“White Christian nationalism” (WCN) has become quite the bogeyman in contemporary religion coverage, even though few reporters seem to have spent much time actually engaging with people in the flocks led by said nationalists.
Instead, journalists read their social media, watch their YouTube videos and talk with sources drawn from a rather predictable list of activists and experts who oppose the bogeyman.
But that does not a complete story make. Readers end up with, at best, half of a debate.

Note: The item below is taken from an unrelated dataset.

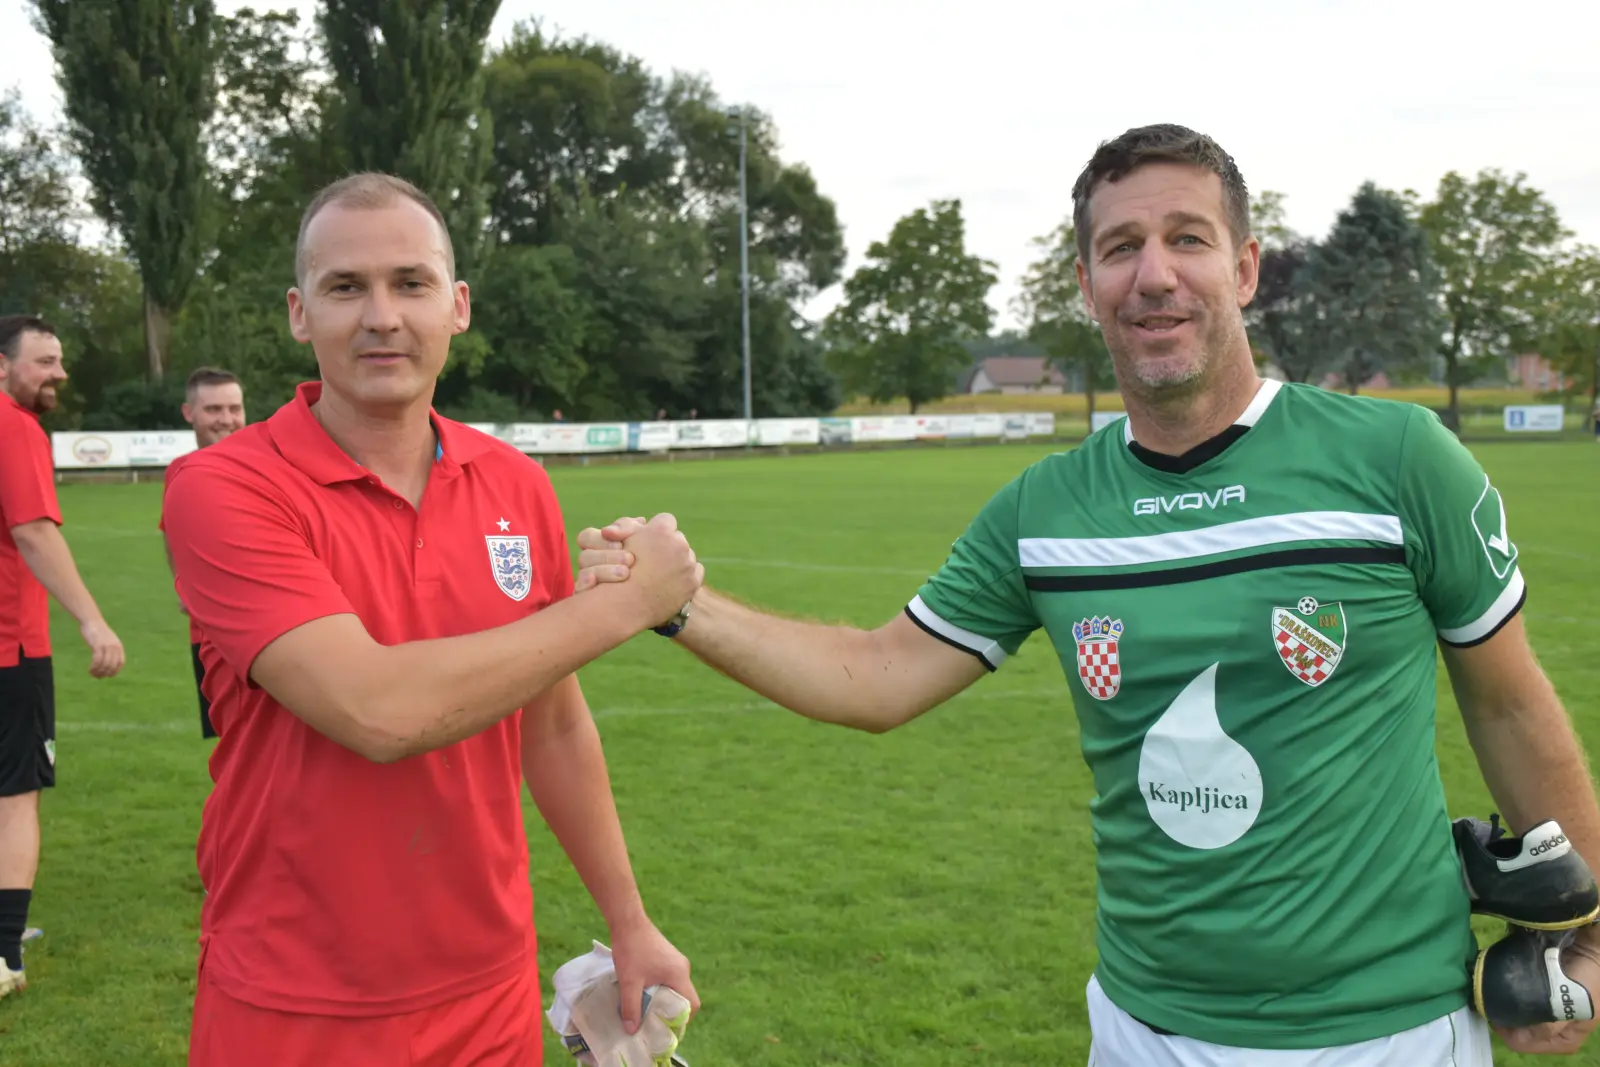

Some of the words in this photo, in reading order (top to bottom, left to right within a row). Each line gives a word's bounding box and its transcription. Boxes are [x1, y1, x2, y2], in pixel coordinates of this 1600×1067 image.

[1133, 484, 1246, 516] GIVOVA
[1318, 613, 1339, 628] NK
[1148, 781, 1248, 814] Kapljica
[1559, 984, 1576, 1021] adida

One outlet that’s building or staking its reputation on WCN continuing to be a thing is Religion News Service, which has been rolling out stories on the topic since last September, thanks to a grant from the Pulitzer Center. The latest story in its “White Christian Nationalism since the Jan. 6 Attack” series ran Jan. 26 here. It began:
When supporters of former President Donald Trump rallied near the White House on Jan. 6 of last year, a boisterous pocket of young men waving “America First” flags broke into a chant: “Christ is King!” It was one of the first indications that Christian nationalism would be a theme of the Capitol attack later that day, where insurrectionists prayed and waved banners that read “Proud American Christian.”
It also announced the presence of followers of Nick Fuentes, a 23-year-old white nationalist and former YouTube personality who was subpoenaed this month by the U.S. House of Representatives committee investigating the Capitol attack. …

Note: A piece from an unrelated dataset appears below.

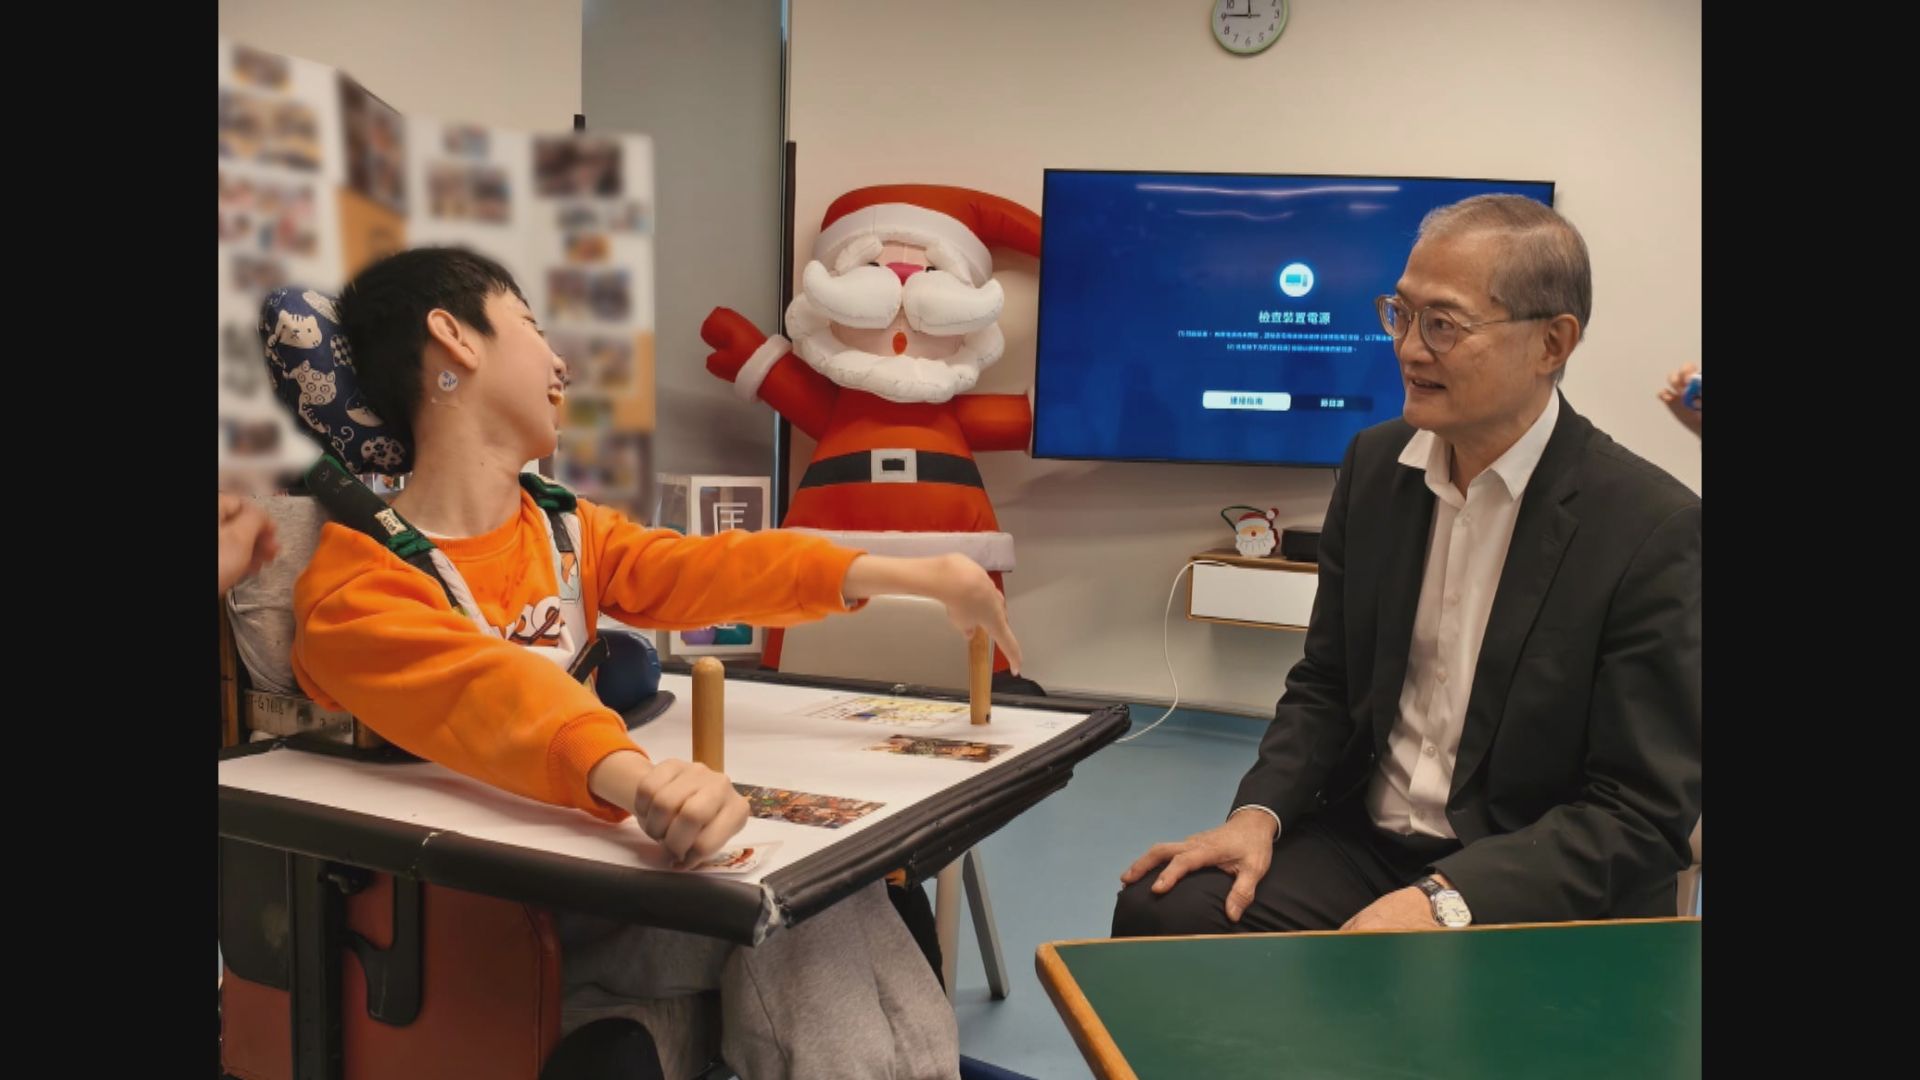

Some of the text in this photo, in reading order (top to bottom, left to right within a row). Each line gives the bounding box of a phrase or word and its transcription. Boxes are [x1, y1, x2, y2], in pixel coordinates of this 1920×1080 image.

“Christ is King” is not controversial in itself: The phrase is rooted in Christian Scripture and tradition. But Fuentes’ supporters have given it a different connotation. They have chanted it at anti-vaccine protests and the anti-abortion March for Life, some of them holding crucifixes aloft. It was heard in March, at an America First conference, where Fuentes delivered a speech saying America will cease to be America “if it loses its white demographic core and if it loses its faith in Jesus Christ.” Fuentes also declared the country “a Christian nation.”
There are a bunch of academics and other sources quoted here but what appears to be the central thesis –- that WCN is bleeding into the mainstream institutions and life of conservative Christianity –- was not proven by a long shot.